▶ **Listed entries**
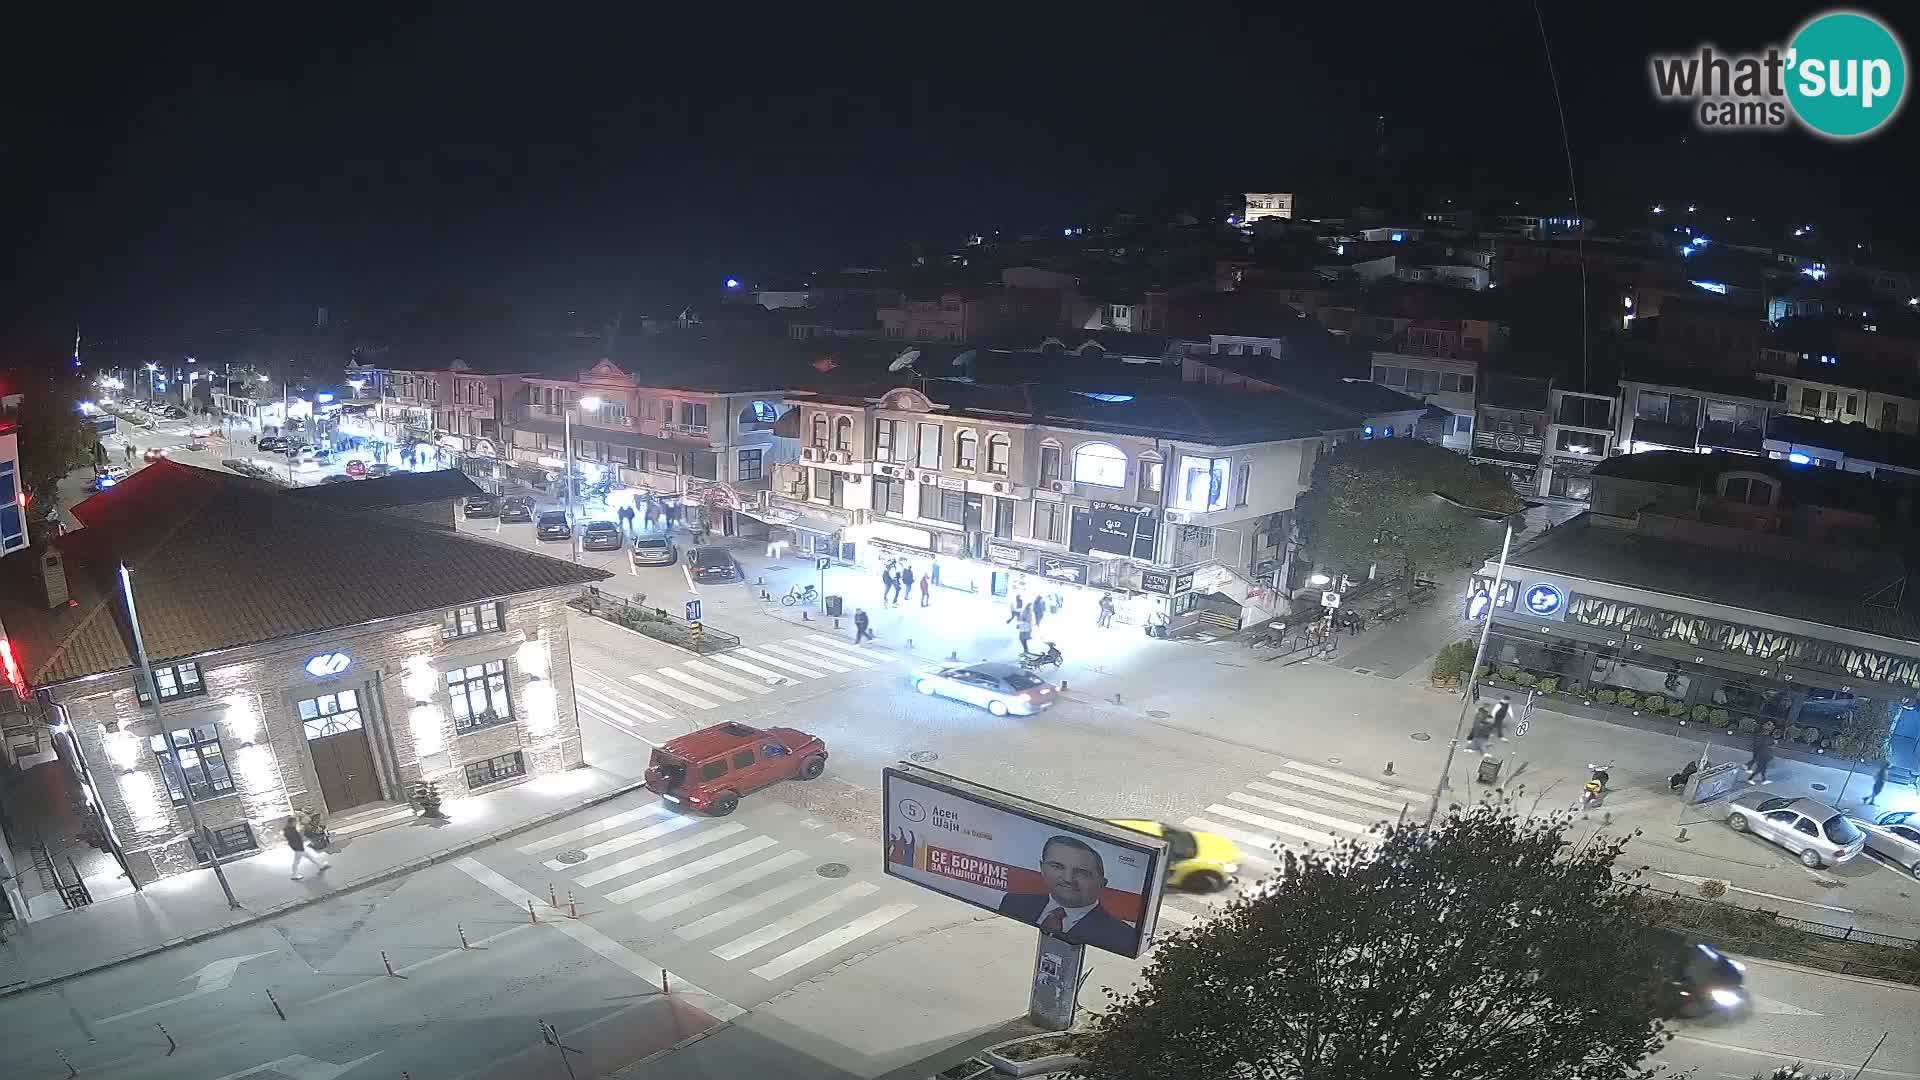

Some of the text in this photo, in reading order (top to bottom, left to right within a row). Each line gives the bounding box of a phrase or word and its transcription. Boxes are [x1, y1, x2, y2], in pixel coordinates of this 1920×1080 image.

[908, 804, 916, 817] 5
[932, 805, 958, 820] Асен
[931, 850, 1008, 880] СЕ БОРИМЕ
[931, 862, 942, 872] ЗА
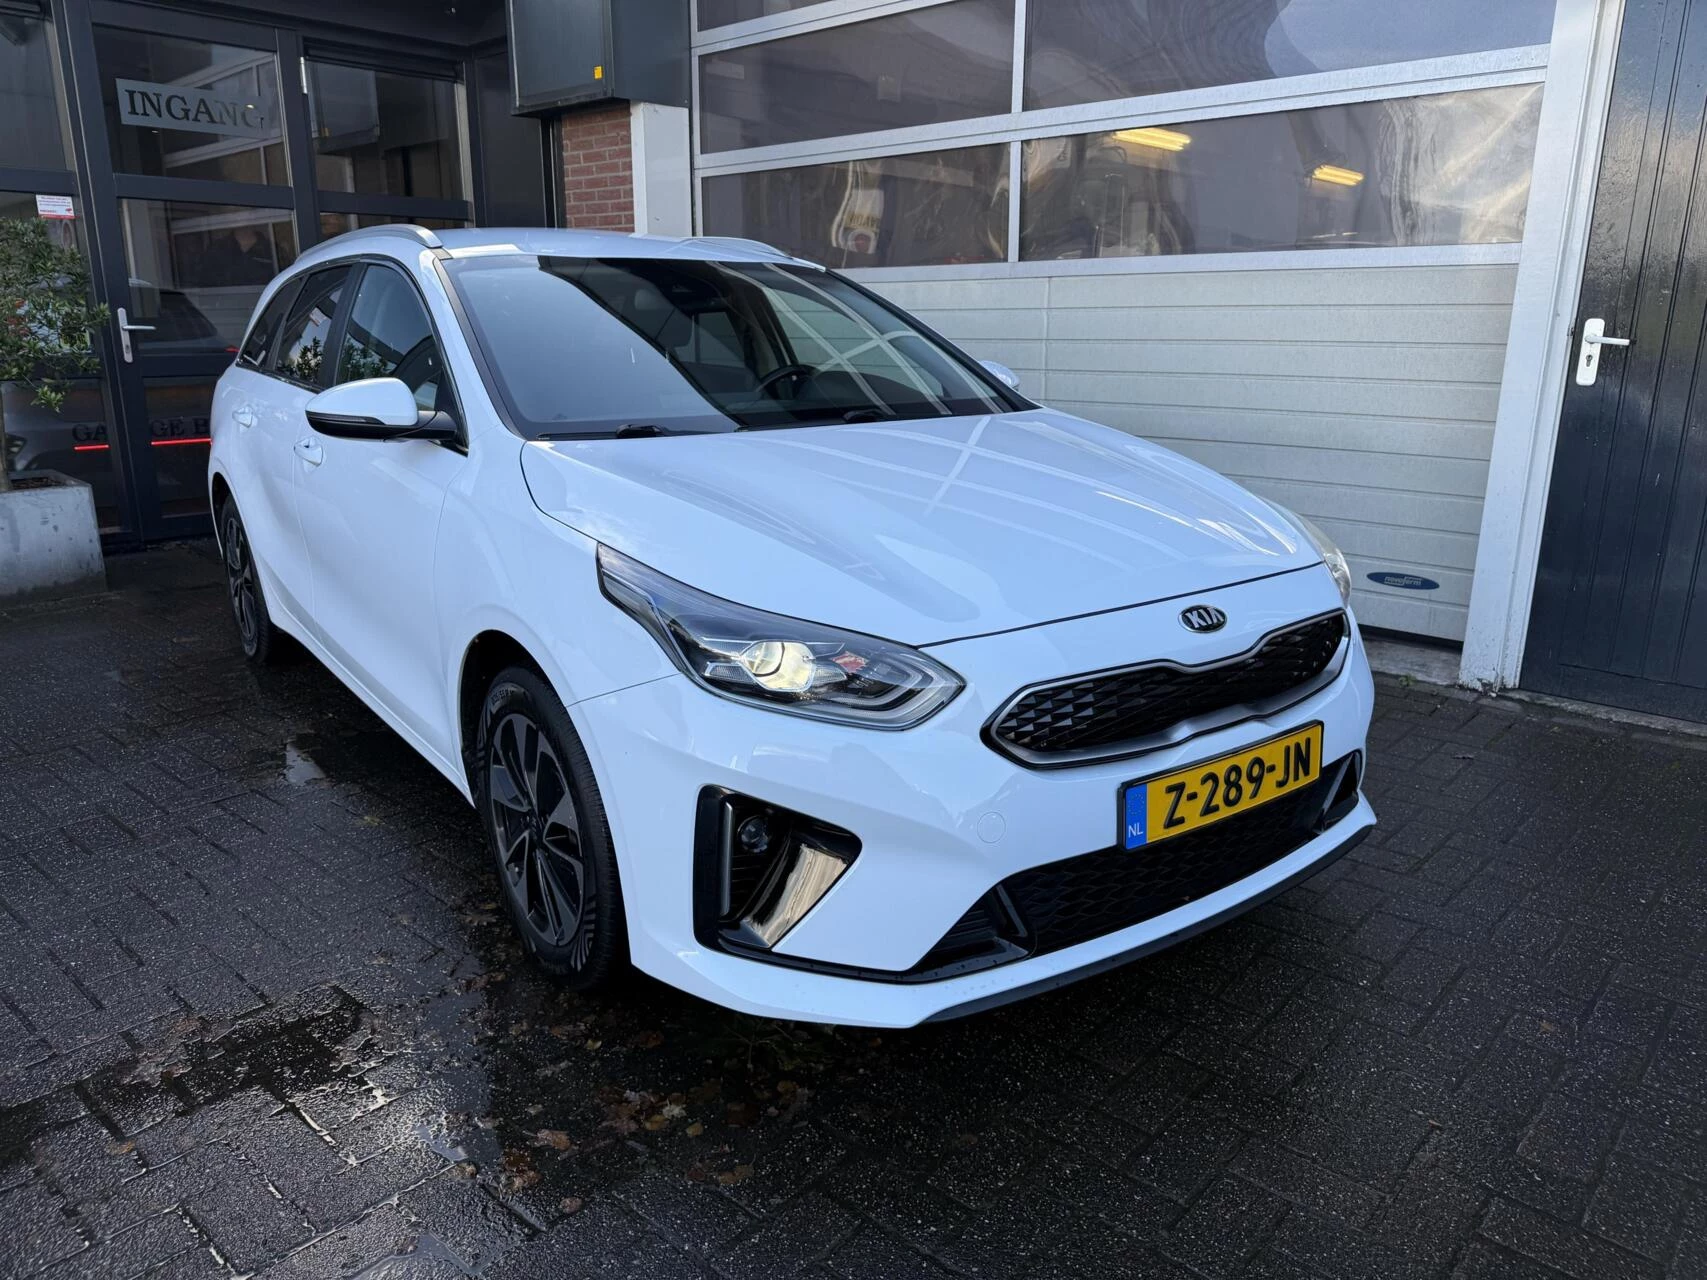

▶ **Your assignment**
Could you return the entire listing above verbatim while dropping each picture?

▶ **Response to the task**
Some of the text in this photo, in reading order (top to bottom, left to right within a row). Each line gives the bounding box of a phrase or word and its transcription. Boxes are [x1, y1, x2, y2], in pixel coordinates of this 1920×1080 image.

[908, 804, 916, 817] 5
[932, 805, 958, 820] Асен
[931, 850, 1008, 880] СЕ БОРИМЕ
[931, 862, 942, 872] ЗА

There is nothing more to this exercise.